I was trying to find out why she had such a cheeky grin on her face then I saw the Juliet dress she was wearing was on the ground so without questioning myself much I took off my underpants. She started looking at me a different way then when I was completely naked. I got under the duvets and sheets with her and I was right, she was naked too. We had our first kiss but funnily enough that's all we did. It was obvious to me then after all that time my feelings were some sort of love (looking back now I know they were) and I was jealous of "Romeo" and Helen, I understood all my feelings and everything made so much sense. Thanks to Helen and all she taught me I accepted myself straight away. I won't go into details about how I was feeling, partly because I don't remember :laughing:. It was just the greatest feeling in the world.
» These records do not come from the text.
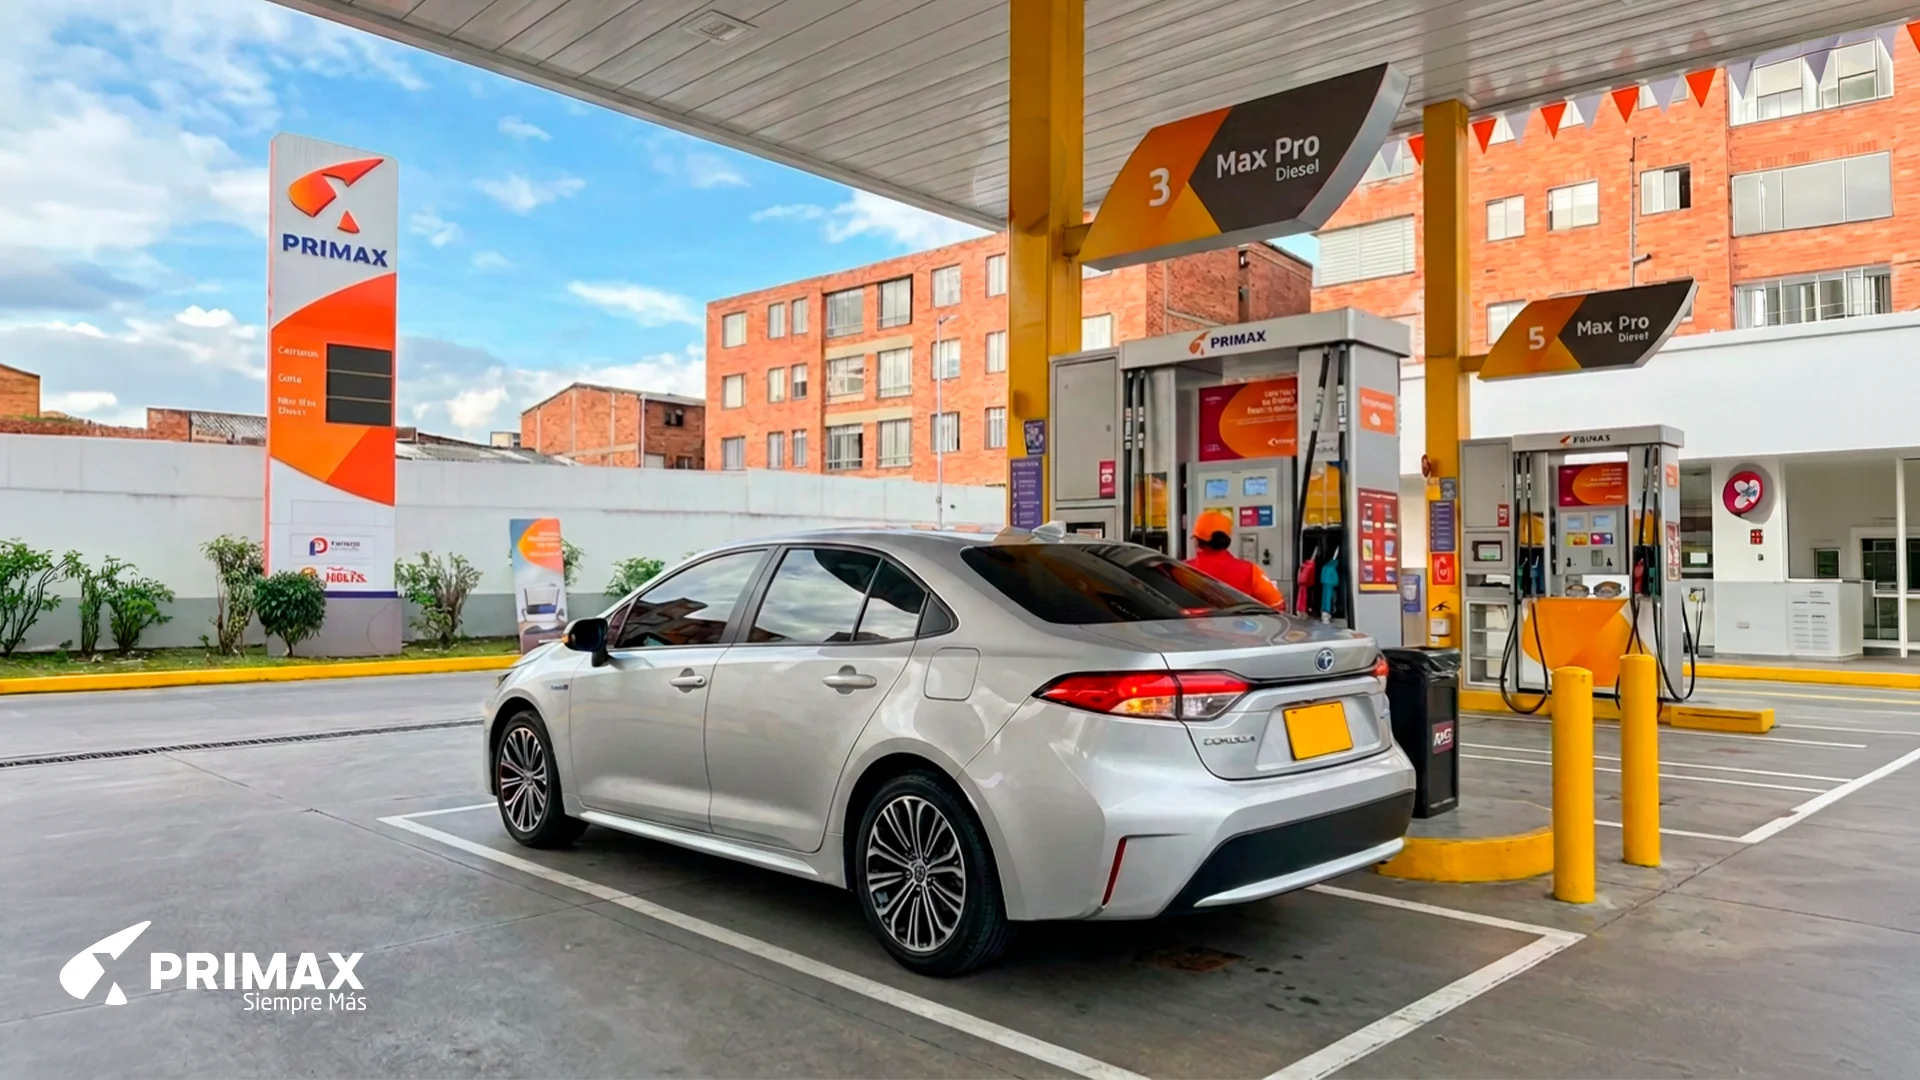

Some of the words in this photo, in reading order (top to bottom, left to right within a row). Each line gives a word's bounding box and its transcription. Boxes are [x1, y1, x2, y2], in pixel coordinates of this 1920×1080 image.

[1216, 148, 1268, 179] Max
[1275, 135, 1320, 164] Pro
[1275, 158, 1320, 182] Diesel
[1149, 167, 1171, 208] 3
[282, 233, 388, 269] PRIMAX
[1528, 326, 1546, 351] 5
[1576, 319, 1614, 337] Max
[1618, 315, 1650, 331] Pro
[1210, 330, 1267, 349] PRIMAX
I finally understood love songs, gay shitty movies, poems and all the rest of the cliché crap people say when they realise they'd fallen in love. 
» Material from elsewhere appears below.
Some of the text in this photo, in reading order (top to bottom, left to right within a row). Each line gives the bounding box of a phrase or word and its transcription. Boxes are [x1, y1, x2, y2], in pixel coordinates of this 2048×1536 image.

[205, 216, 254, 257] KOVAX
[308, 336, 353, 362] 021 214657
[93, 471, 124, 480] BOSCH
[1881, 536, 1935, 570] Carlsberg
My life was never happier.

*Coming out to everyone else*:

As I said, my friend was sick and she passed away the day after Valentine's day. I was fifteen for ten days. After feeling the happiest I ever felt in my life I now, admittedly felt the worse pain I've ever felt in my life. I didn't handle it well, I didn't know how to handle it. She had cystic fibrosis but she wasn't supposed to die so early. Everyone failed at trying to make me better, I was in brood mode for up until recently about it, I barely gave a shit about my friends or anything. When I came back to school after the funeral etc. Helen was the first person confident enough to talk to me about it. She said she could tell I always loved her, she gave me the key to the balcony we used to hang out in and I went up there by myself and just wallowed in self pity or went there when I just couldn't take anymore. I realised then just how weak I was, nothing bad had ever happened in my life before, maybe I just wasn't prepared I guess. I had considered suicide especially after I realised being gay wasn't as great as I thought it was before. I saw how some people acted towards Helen, I really thought about it and viewed the world, I listened to my parents and what they had to say. I just didn't want to live anymore and Helen picked up on this. I used to go to the river after school since it was close to both the school and my house. I'd stare into it and really want to. Me and Helen's friendship, like my other friendships began to get a little strained, well to me anyway. But she acted as if we were even closer than before. She followed me to the river one day without me realising it. She ran up to me and grabbed me from behind even though I wasn't going to do anything. And she begged me just to talk about things with her. 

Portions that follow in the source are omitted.